Material shown section start
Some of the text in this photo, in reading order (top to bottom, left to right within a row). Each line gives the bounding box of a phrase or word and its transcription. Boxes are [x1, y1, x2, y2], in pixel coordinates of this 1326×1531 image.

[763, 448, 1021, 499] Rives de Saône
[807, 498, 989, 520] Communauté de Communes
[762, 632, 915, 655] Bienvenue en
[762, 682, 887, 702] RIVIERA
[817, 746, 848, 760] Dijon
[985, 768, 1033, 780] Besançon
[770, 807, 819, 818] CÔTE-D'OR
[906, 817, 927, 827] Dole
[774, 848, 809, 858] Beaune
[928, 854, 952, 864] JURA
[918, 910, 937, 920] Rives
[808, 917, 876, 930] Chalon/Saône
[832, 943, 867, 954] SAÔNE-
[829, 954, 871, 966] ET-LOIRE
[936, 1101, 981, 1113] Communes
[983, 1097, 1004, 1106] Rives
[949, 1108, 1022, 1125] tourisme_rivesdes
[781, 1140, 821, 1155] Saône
Material shown section end
Copy out all the entries shown above, character for character.

→ **Response to the task**
Some of the text in this photo, in reading order (top to bottom, left to right within a row). Each line gives the bounding box of a phrase or word and its transcription. Boxes are [x1, y1, x2, y2], in pixel coordinates of this 1326×1531 image.

[763, 448, 1021, 499] Rives de Saône
[807, 498, 989, 520] Communauté de Communes
[762, 632, 915, 655] Bienvenue en
[762, 682, 887, 702] RIVIERA
[817, 746, 848, 760] Dijon
[985, 768, 1033, 780] Besançon
[770, 807, 819, 818] CÔTE-D'OR
[906, 817, 927, 827] Dole
[774, 848, 809, 858] Beaune
[928, 854, 952, 864] JURA
[918, 910, 937, 920] Rives
[808, 917, 876, 930] Chalon/Saône
[832, 943, 867, 954] SAÔNE-
[829, 954, 871, 966] ET-LOIRE
[936, 1101, 981, 1113] Communes
[983, 1097, 1004, 1106] Rives
[949, 1108, 1022, 1125] tourisme_rivesdes
[781, 1140, 821, 1155] Saône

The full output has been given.